Statement by Chargé d'Affaires of the Permanent Mission of Russia to the UN Dmitry Polyanskiy at UNSC briefing on the sitaution in Afghanistan
Prime Minister, we welcome your personal participation in this meeting.
We thank the Secretary-General for providing his assessments of the situation in Afghanistan, and we thank Special Representative and Head of the United Nations Assistance Mission in Afghanistan (UNAMA) Ms. Deborah Lyons for her insights and sharing her vision of the situation on the ground. We appreciate the analysis of the situation with sanctions, provided by Chair of 1988 Security Council Sanctions Committee Ambassador Tirumurti.
We followed closely the remarks of Ms. Mahbouba Seraj, who represents civil society today.
We welcome that representatives of the countries of the region have a say in the discussion of this critical topic.
By the moment of this meeting, it has been 5 months of the Taliban rule in Afghanistan.

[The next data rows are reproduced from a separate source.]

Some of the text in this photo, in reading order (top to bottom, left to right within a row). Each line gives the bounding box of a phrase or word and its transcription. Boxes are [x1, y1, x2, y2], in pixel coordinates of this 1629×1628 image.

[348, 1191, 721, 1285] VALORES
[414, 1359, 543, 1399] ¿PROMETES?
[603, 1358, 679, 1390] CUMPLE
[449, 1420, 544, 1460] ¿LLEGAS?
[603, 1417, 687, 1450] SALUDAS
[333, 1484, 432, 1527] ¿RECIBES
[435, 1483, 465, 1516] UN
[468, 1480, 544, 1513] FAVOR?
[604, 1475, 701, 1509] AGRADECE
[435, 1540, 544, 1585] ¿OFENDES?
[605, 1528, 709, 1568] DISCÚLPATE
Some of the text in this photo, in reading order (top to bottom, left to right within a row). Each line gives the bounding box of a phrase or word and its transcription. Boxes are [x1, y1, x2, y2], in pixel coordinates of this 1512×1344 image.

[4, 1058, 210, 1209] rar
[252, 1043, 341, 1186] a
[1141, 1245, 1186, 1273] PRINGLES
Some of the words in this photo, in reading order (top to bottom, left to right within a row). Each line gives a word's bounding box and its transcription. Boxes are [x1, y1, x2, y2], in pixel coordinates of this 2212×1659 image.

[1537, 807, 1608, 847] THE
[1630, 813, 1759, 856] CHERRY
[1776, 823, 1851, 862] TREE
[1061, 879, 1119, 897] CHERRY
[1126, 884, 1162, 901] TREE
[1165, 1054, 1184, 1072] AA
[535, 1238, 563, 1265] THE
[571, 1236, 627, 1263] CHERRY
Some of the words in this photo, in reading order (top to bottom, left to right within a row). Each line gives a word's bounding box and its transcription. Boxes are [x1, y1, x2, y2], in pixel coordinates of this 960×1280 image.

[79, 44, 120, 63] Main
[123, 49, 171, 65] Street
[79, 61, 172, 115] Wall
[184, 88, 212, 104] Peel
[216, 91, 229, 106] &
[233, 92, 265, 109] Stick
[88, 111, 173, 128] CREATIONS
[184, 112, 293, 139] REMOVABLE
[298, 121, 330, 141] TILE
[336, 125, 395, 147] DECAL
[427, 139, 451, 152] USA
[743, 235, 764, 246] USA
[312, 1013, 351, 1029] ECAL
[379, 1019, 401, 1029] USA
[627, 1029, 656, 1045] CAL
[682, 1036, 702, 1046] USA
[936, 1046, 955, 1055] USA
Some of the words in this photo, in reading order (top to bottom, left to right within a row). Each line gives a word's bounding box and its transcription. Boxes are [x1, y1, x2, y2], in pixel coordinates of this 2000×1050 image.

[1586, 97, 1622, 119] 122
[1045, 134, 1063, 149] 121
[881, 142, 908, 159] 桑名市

As Secretary-General Guterres and SRSG Lyons justly mentioned today, the situation in the country is constantly changing. We note that the new authorities take some steps to address socio-economic, humanitarian, and human rights problems, as well as curb challenges posed by terrorism and drugs. We proceed from the assumption that it is only the beginning. We still expect Talibs to take solid steps to ensure real ethnical and political inclusiveness of the state authorities, eradicate terrorist and drug threats, and observe fundamental human rights.
Our common priority is to preserve stability in Afghanistan. We are convinced that everyone will benefit from solving this task: the Afghans, the region, and the whole world. Yet it is obvious that against the lack of relevant potential and resources, including financial resources, the new authorities will hardly be able to resolve all the longstanding problems and new challenges rapidly and effectively while acting by themselves. Success at this track will depend among other things on comprehensive international assistance to Afghanistan.
On 22 December 2021, Security Council adopted resolution 2615 on humanitarian assistance to Afghanistan in the context of the effective 1988 sanctions regime. Hopefully, this will allow to enhance the scale of humanitarian assistance while involving all stakeholders, including the United Nations, its humanitarian agencies, and the key donors.
At the same time, we must admit with regret that these efforts are not enough. Given Afghanistan’s looming economic disaster, the current humanitarian steps are but a “drop in the ocean”. Paralyzed banking system, deficit of cash and unemployment bring to naught prospects for post-conflict recovery. Representatives of the humanitarian community also confirm this. The issue of unfreezing of assets is very urgent. Unless this one is solved, Afghanistan has no long-term prospects to make it out of the crisis. We call on the United States and other Western donors to get the money back to the country. This money belongs to the Afghan people and cannot be used for bargaining or as a tool to punish the Afghans for the new reality that has evolved in their country. Otherwise, the consequences of the collapse will be much larger and will definitely increase the number of refugees, spread terrorist activity, boost drug production and, as a result, lead to even greater instability both in the region and beyond.
The risk of infiltration of militants and drug dealers in the region, including those disguised as refugees, cannot but raise utmost concern of our partners in Central Asia. We maintain regular contacts with all five Central Asian states. Cooperation at the level of regional organizations, within the CSTO and the SCO, remains in high demand. This includes CSTO Working Group on Afghanistan and renewed mechanism of “SCO-Afghanistan” contact group.
We emphasize that attempts to talk to the new Afghan authorities in the language of ultimatums and pressure, instead of diplomacy, while using assistance for recovery and socio-economic development as leverage are counter-productive. We need to learn from the mistakes and miscalculations of the past. We have said on multiple occasions that support for a political dialogue would let us receive effective answers to the pressing questions that we have. The extended “troika” remains an example of such successful cooperation that promotes peaceful settlement in Afghanistan.
The developments in Afghanistan will inevitably impact the future of UNAMA, the mandate of which expires on 17 March this year. We expect that in his next report the Secretary-General will provide well-considered assessments, recommendations and proposals as to what should be part of this mandate in these new circumstances.